## EXERCISE OBJECTIVE
Please return each entry that follows exactly as written, and keep the pictures out.

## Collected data
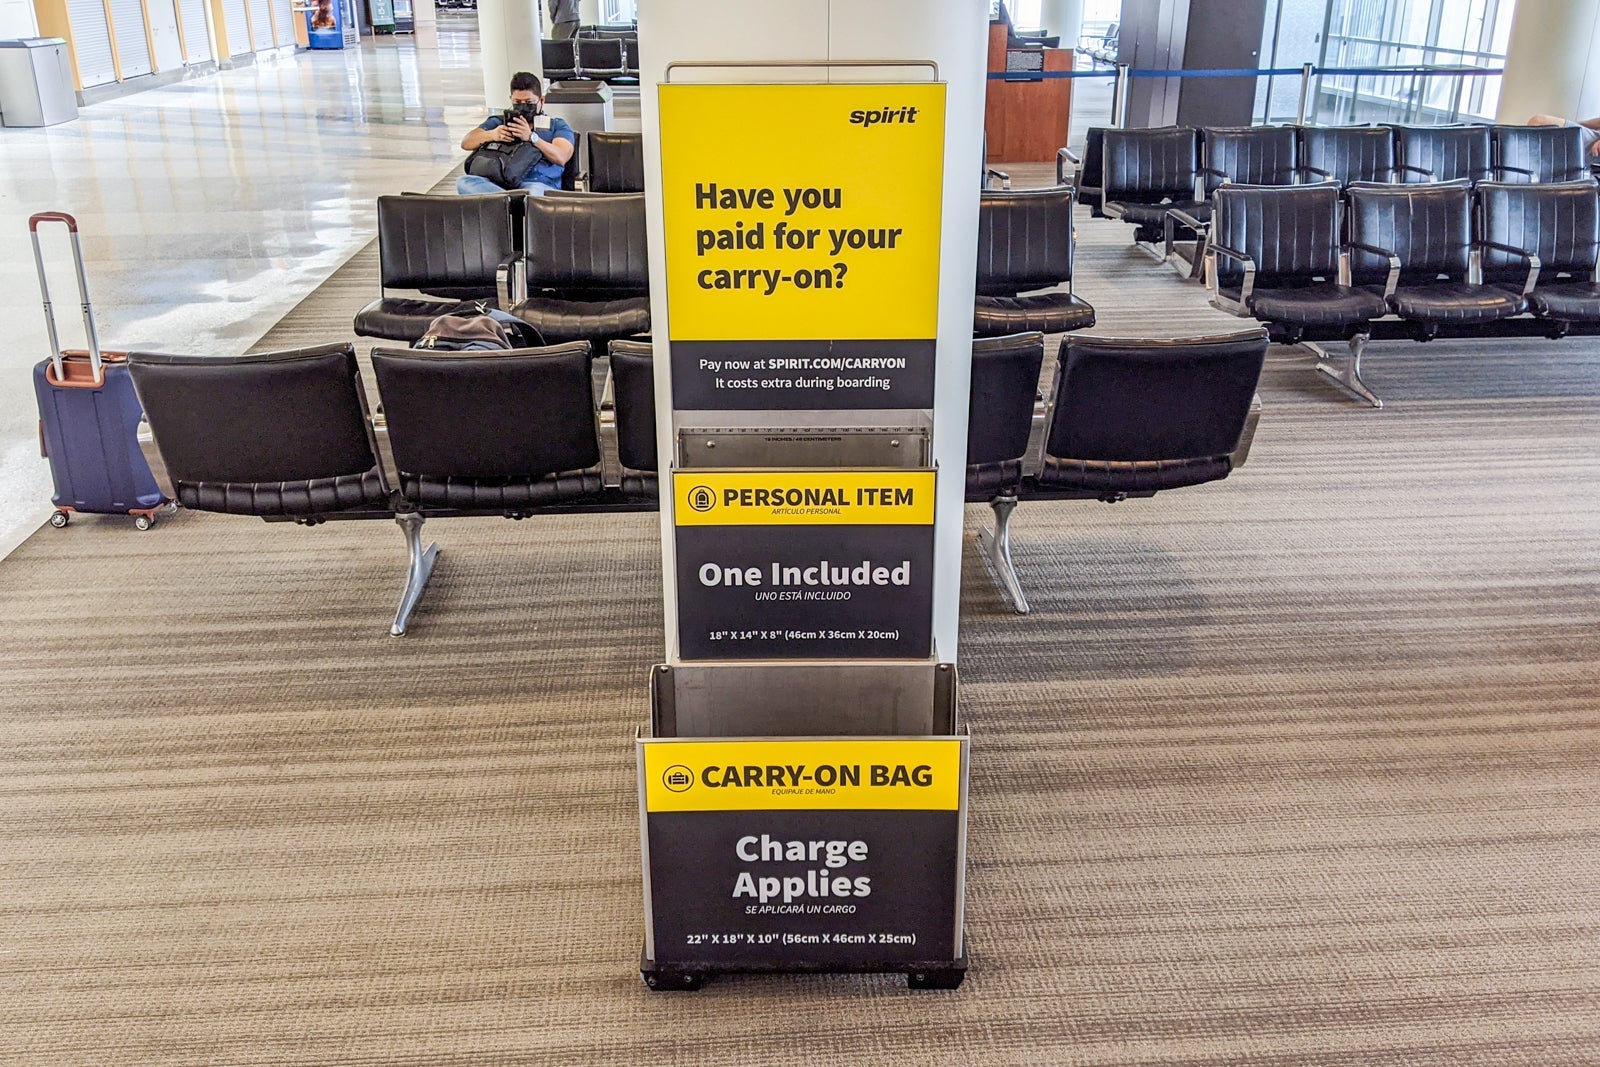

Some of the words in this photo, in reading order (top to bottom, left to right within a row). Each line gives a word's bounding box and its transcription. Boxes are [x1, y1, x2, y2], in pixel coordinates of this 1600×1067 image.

[849, 106, 919, 127] spirit
[695, 183, 774, 209] Have
[783, 188, 842, 216] you
[696, 221, 765, 256] paid
[773, 222, 821, 250] for
[828, 227, 903, 256] your
[697, 262, 849, 296] carry-on?
[699, 359, 722, 372] Pay
[724, 360, 750, 370] now
[753, 359, 765, 370] at
[769, 358, 906, 370] SPIRIT.COM/CARRYON
[715, 378, 724, 388] It
[727, 378, 758, 388] costs
[761, 378, 792, 388] extra
[795, 377, 834, 391] during
[837, 376, 890, 391] boarding
[723, 488, 850, 506] PERSONAL
[857, 488, 913, 506] ITEM
[771, 507, 805, 515] ARTÍCULO
[699, 562, 762, 586] One
[771, 560, 911, 586] Included
[755, 591, 778, 601] UNO
[778, 589, 804, 601] ESTÁ
[804, 591, 851, 601] INCLUIDO
[709, 631, 728, 640] 18"
[730, 631, 738, 640] X
[740, 631, 758, 640] 14"
[761, 631, 768, 640] X
[770, 630, 782, 640] 8"
[785, 630, 817, 641] (46cm
[819, 630, 826, 639] X
[827, 630, 858, 640] 36cm
[858, 630, 866, 639] X
[867, 630, 899, 641] 20cm)
[701, 764, 861, 788] CARRY-ON
[870, 765, 933, 787] BAG
[735, 834, 868, 868] Charge
[732, 870, 871, 903] Applies
[745, 905, 757, 914] SE
[758, 903, 805, 915] APLICARÁ
[806, 905, 821, 914] UN
[823, 905, 856, 914] CARGO
[686, 934, 709, 944] 22"
[711, 934, 720, 944] X
[722, 934, 743, 944] 18"
[746, 934, 755, 944] X
[758, 934, 779, 944] 10"
[782, 933, 820, 946] (56cm
[822, 934, 830, 944] X
[832, 934, 866, 944] 46cm
[868, 934, 877, 944] X
[879, 933, 917, 946] 25cm)
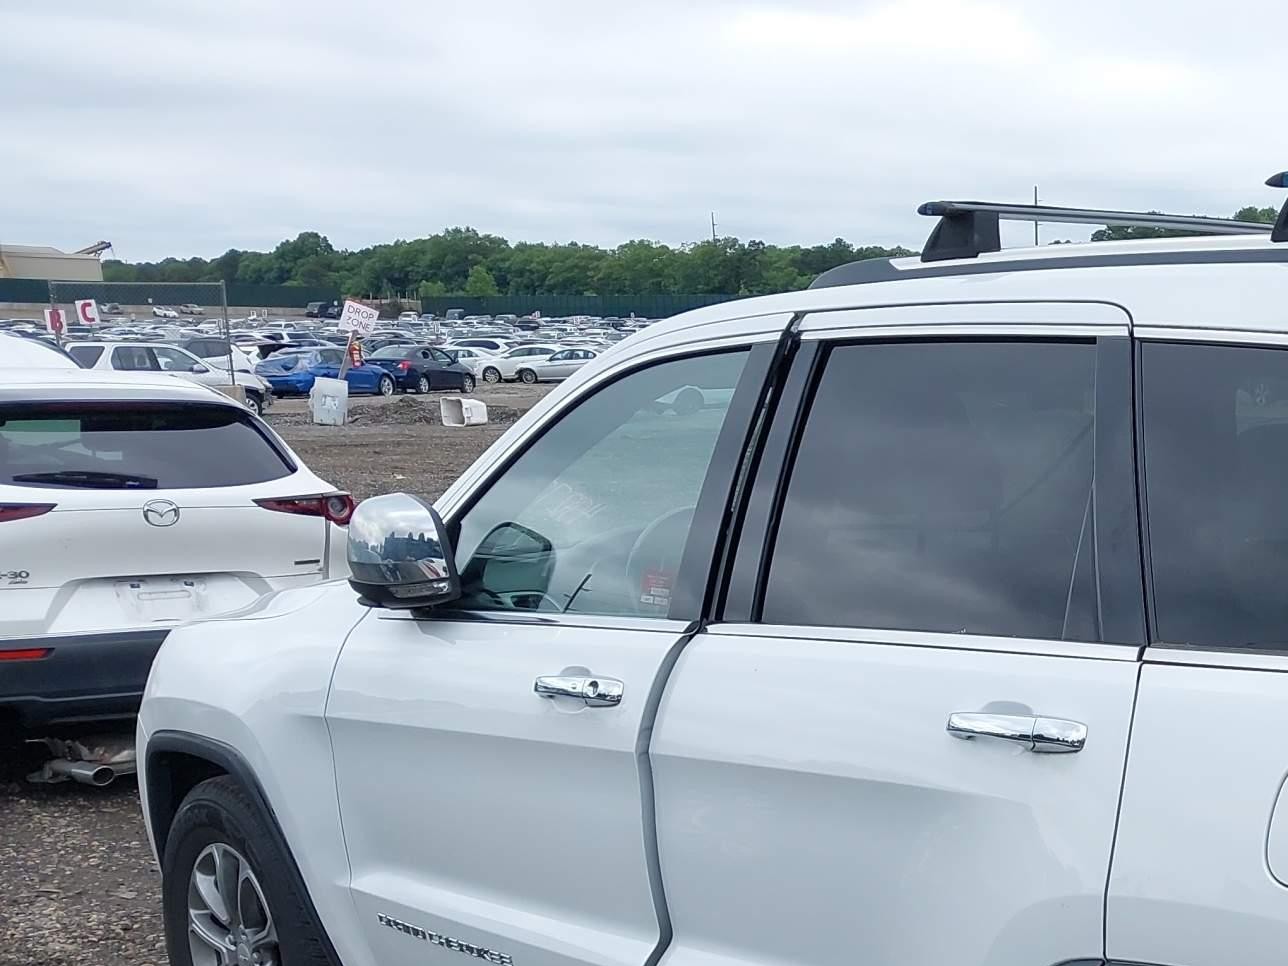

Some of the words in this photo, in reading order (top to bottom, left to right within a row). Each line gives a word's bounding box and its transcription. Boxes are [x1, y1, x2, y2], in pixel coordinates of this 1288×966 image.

[81, 302, 96, 323] C
[347, 304, 375, 321] DROP
[346, 316, 371, 333] ZONE
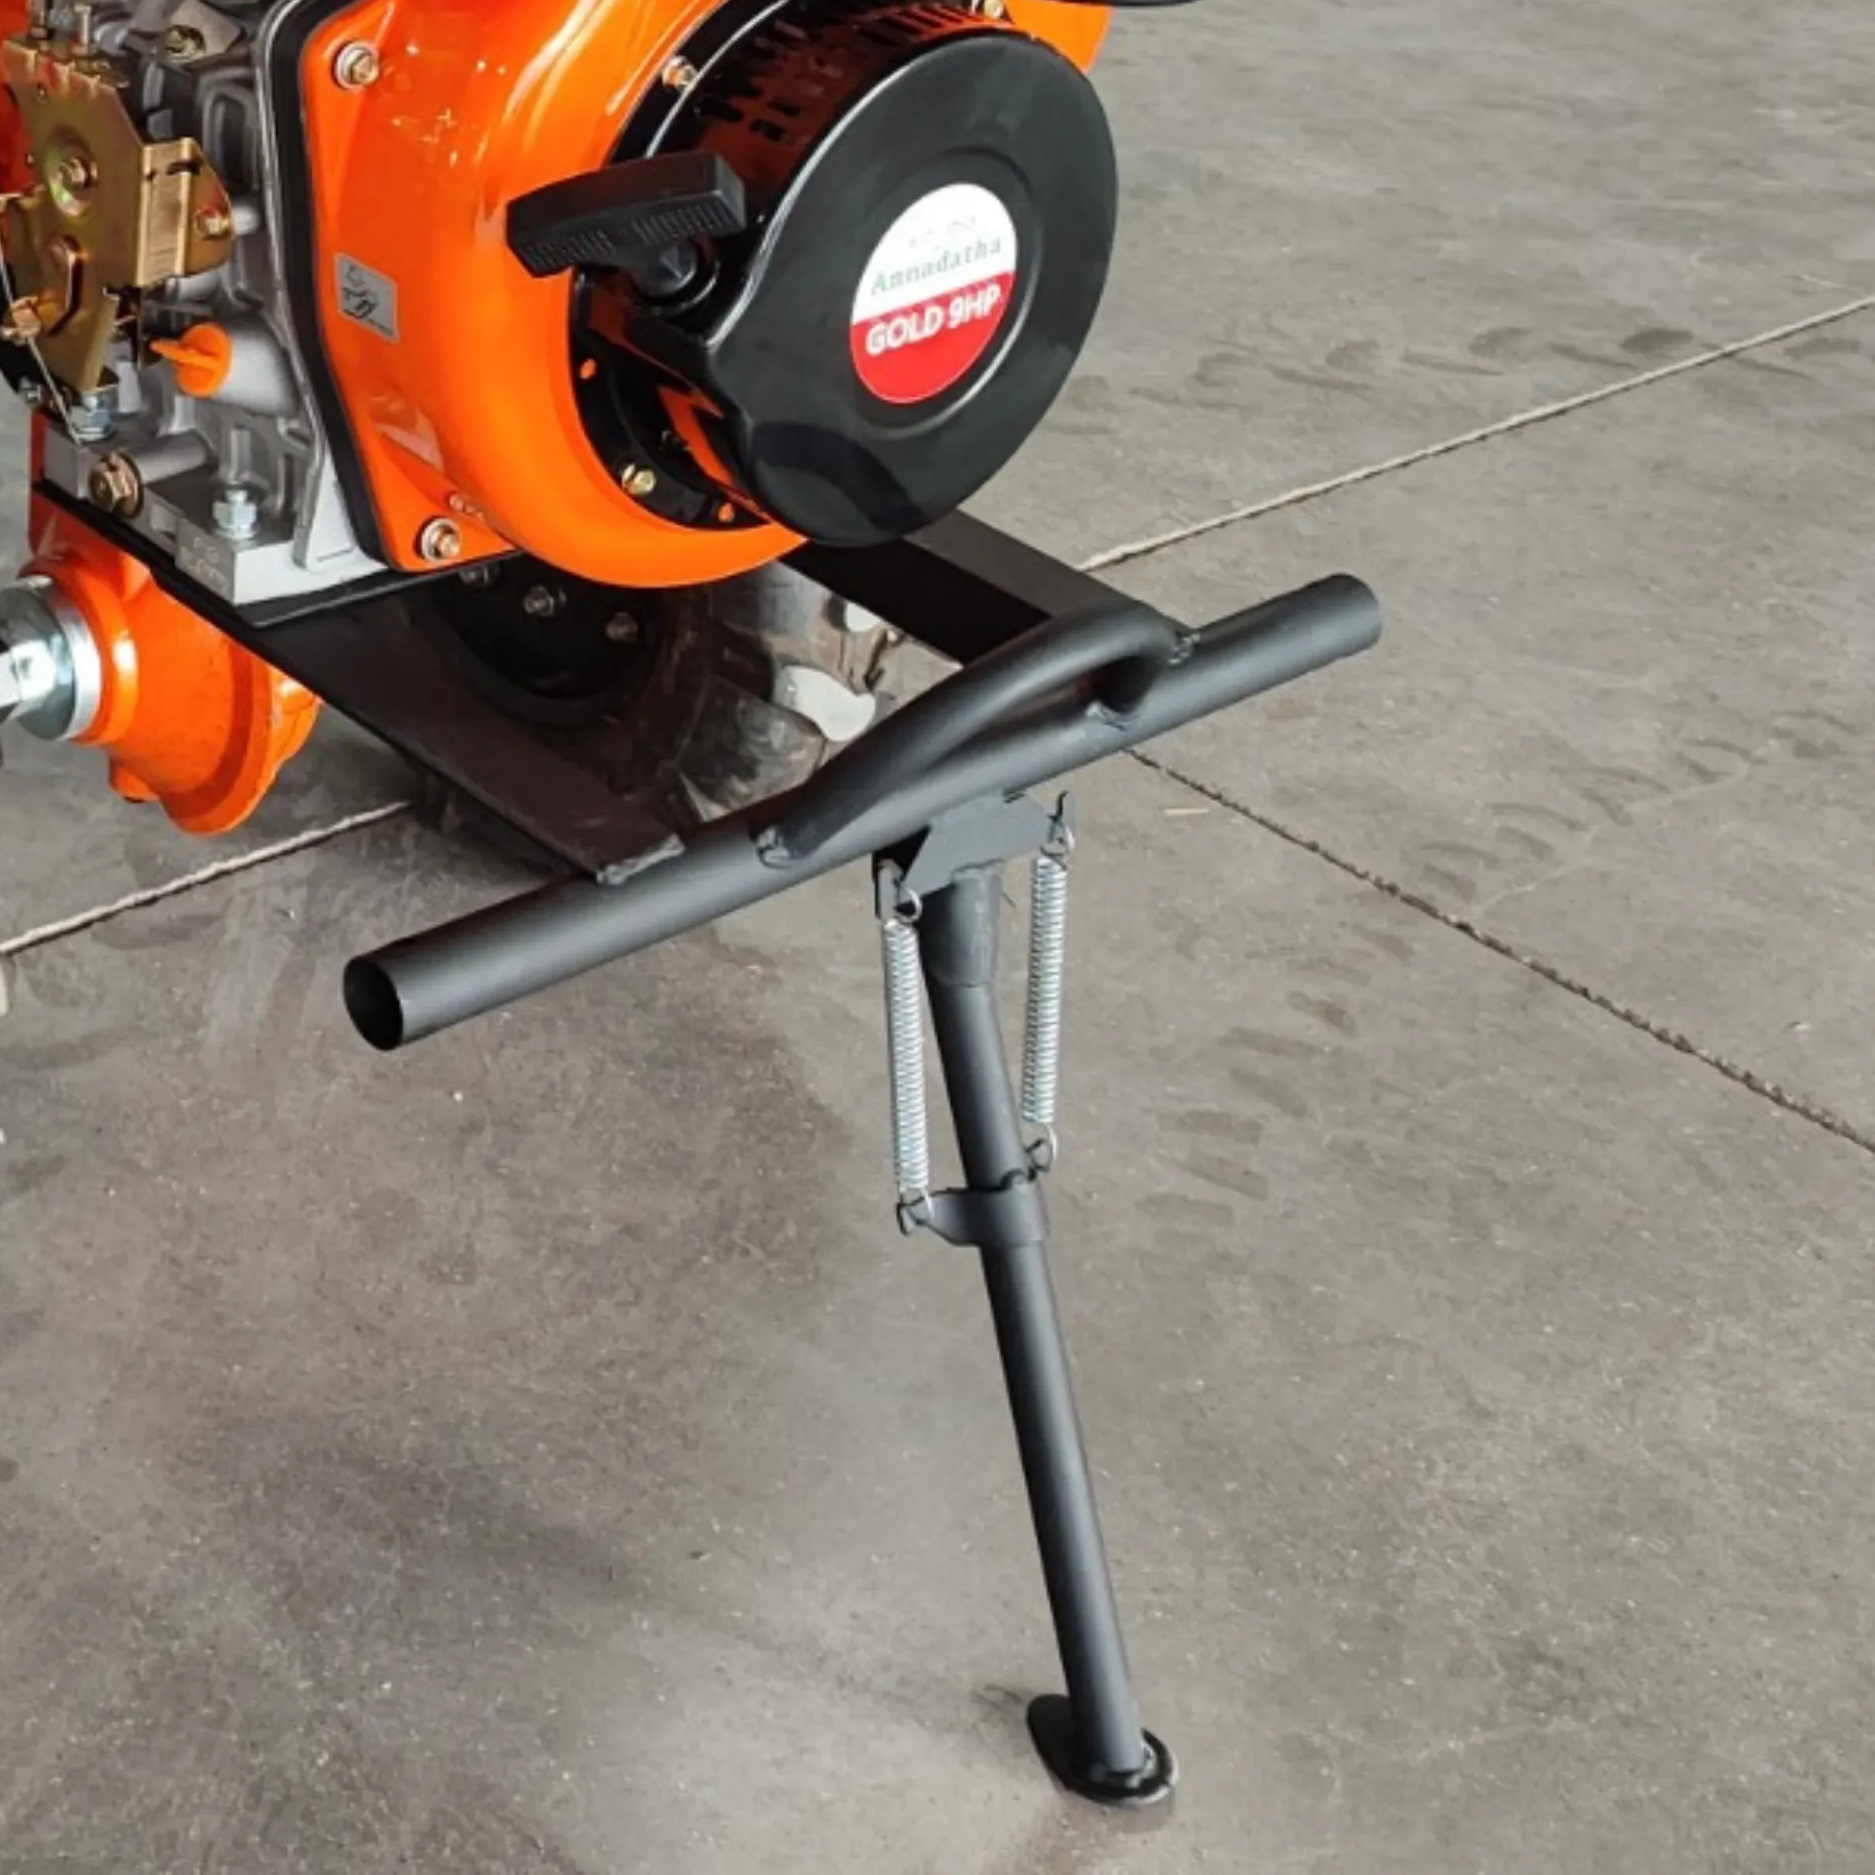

## YOUR RESPONSE
Some of the words in this photo, in reading order (top to bottom, left to right within a row). Each line gives a word's bounding box and its transcription. Boxes are [x1, y1, x2, y2], in pixel coordinates of this 1600×1067 image.

[849, 106, 919, 127] spirit
[695, 183, 774, 209] Have
[783, 188, 842, 216] you
[696, 221, 765, 256] paid
[773, 222, 821, 250] for
[828, 227, 903, 256] your
[697, 262, 849, 296] carry-on?
[699, 359, 722, 372] Pay
[724, 360, 750, 370] now
[753, 359, 765, 370] at
[769, 358, 906, 370] SPIRIT.COM/CARRYON
[715, 378, 724, 388] It
[727, 378, 758, 388] costs
[761, 378, 792, 388] extra
[795, 377, 834, 391] during
[837, 376, 890, 391] boarding
[723, 488, 850, 506] PERSONAL
[857, 488, 913, 506] ITEM
[771, 507, 805, 515] ARTÍCULO
[699, 562, 762, 586] One
[771, 560, 911, 586] Included
[755, 591, 778, 601] UNO
[778, 589, 804, 601] ESTÁ
[804, 591, 851, 601] INCLUIDO
[709, 631, 728, 640] 18"
[730, 631, 738, 640] X
[740, 631, 758, 640] 14"
[761, 631, 768, 640] X
[770, 630, 782, 640] 8"
[785, 630, 817, 641] (46cm
[819, 630, 826, 639] X
[827, 630, 858, 640] 36cm
[858, 630, 866, 639] X
[867, 630, 899, 641] 20cm)
[701, 764, 861, 788] CARRY-ON
[870, 765, 933, 787] BAG
[735, 834, 868, 868] Charge
[732, 870, 871, 903] Applies
[745, 905, 757, 914] SE
[758, 903, 805, 915] APLICARÁ
[806, 905, 821, 914] UN
[823, 905, 856, 914] CARGO
[686, 934, 709, 944] 22"
[711, 934, 720, 944] X
[722, 934, 743, 944] 18"
[746, 934, 755, 944] X
[758, 934, 779, 944] 10"
[782, 933, 820, 946] (56cm
[822, 934, 830, 944] X
[832, 934, 866, 944] 46cm
[868, 934, 877, 944] X
[879, 933, 917, 946] 25cm)

Some of the words in this photo, in reading order (top to bottom, left to right within a row). Each line gives a word's bounding box and its transcription. Boxes are [x1, y1, x2, y2], in pixel coordinates of this 1288×966 image.

[81, 302, 96, 323] C
[347, 304, 375, 321] DROP
[346, 316, 371, 333] ZONE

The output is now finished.